[Stored data entries]

++++

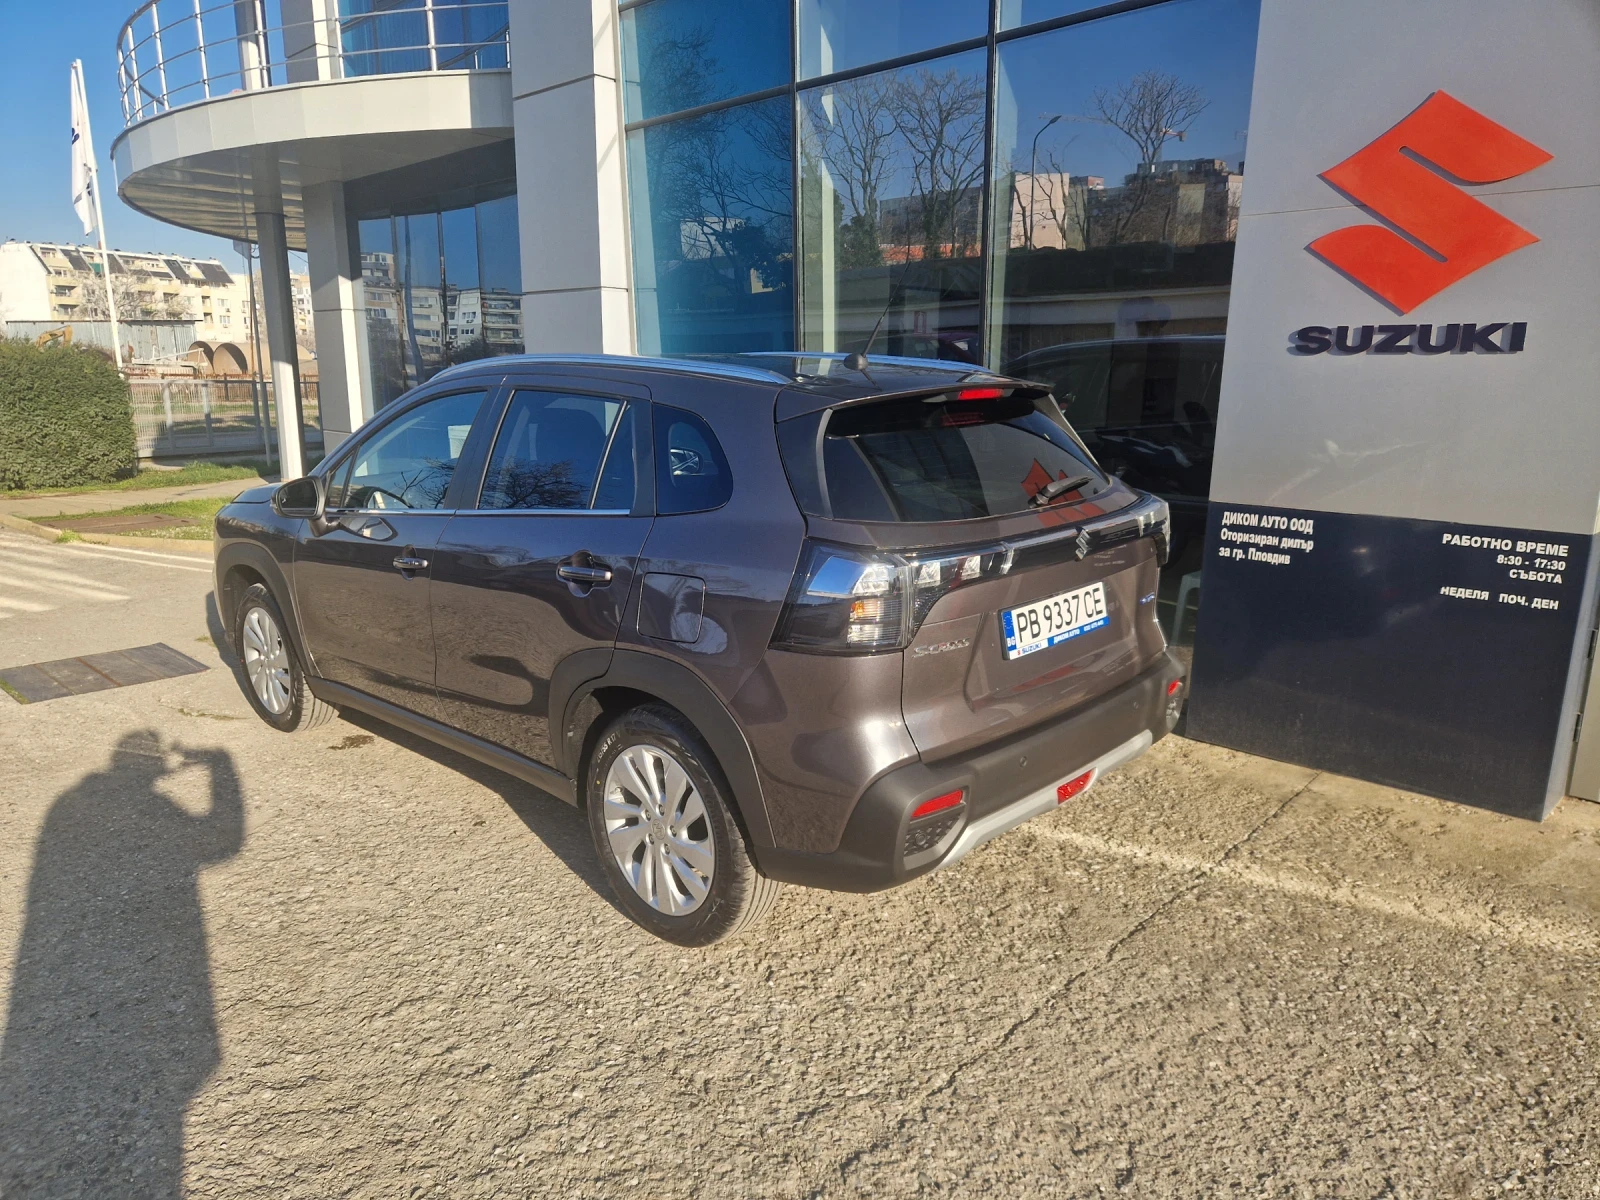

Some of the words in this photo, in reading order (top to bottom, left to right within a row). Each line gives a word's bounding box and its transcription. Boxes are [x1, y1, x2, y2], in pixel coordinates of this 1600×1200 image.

[1294, 321, 1528, 353] SUZUKI
[1222, 511, 1259, 526] ДИКОМ
[1260, 515, 1288, 530] АУТО
[1290, 518, 1314, 535] ООД
[1220, 528, 1279, 547] Оторизиран
[1280, 537, 1314, 553] дилър
[1442, 533, 1512, 551] РАБОТНО
[1516, 541, 1569, 557] ВРЕМЕ
[1218, 547, 1231, 557] за
[1232, 548, 1246, 561] гр.
[1247, 547, 1291, 565] Пловдив
[1496, 554, 1523, 566] 8:30
[1533, 557, 1566, 571] 17:30
[1509, 569, 1563, 584] СЪБОТА
[1440, 586, 1490, 601] НЕДЕЛЯ
[1498, 593, 1529, 606] ПОЧ.
[1531, 597, 1560, 610] ДЕН
[1043, 594, 1080, 633] 9337
[1006, 637, 1016, 647] BG
[1021, 642, 1042, 655] SUZUKI

++++

## PROBLEM TO SOLVE
The expected output is every entry above, retyped exactly, with the pictures removed.

## OUTPUT OF THE EXERCISE
Some of the words in this photo, in reading order (top to bottom, left to right within a row). Each line gives a word's bounding box and its transcription. Boxes are [x1, y1, x2, y2], in pixel coordinates of this 1600×1200 image.

[1294, 321, 1528, 353] SUZUKI
[1222, 511, 1259, 526] ДИКОМ
[1260, 515, 1288, 530] АУТО
[1290, 518, 1314, 535] ООД
[1220, 528, 1279, 547] Оторизиран
[1280, 537, 1314, 553] дилър
[1442, 533, 1512, 551] РАБОТНО
[1516, 541, 1569, 557] ВРЕМЕ
[1218, 547, 1231, 557] за
[1232, 548, 1246, 561] гр.
[1247, 547, 1291, 565] Пловдив
[1496, 554, 1523, 566] 8:30
[1533, 557, 1566, 571] 17:30
[1509, 569, 1563, 584] СЪБОТА
[1440, 586, 1490, 601] НЕДЕЛЯ
[1498, 593, 1529, 606] ПОЧ.
[1531, 597, 1560, 610] ДЕН
[1043, 594, 1080, 633] 9337
[1006, 637, 1016, 647] BG
[1021, 642, 1042, 655] SUZUKI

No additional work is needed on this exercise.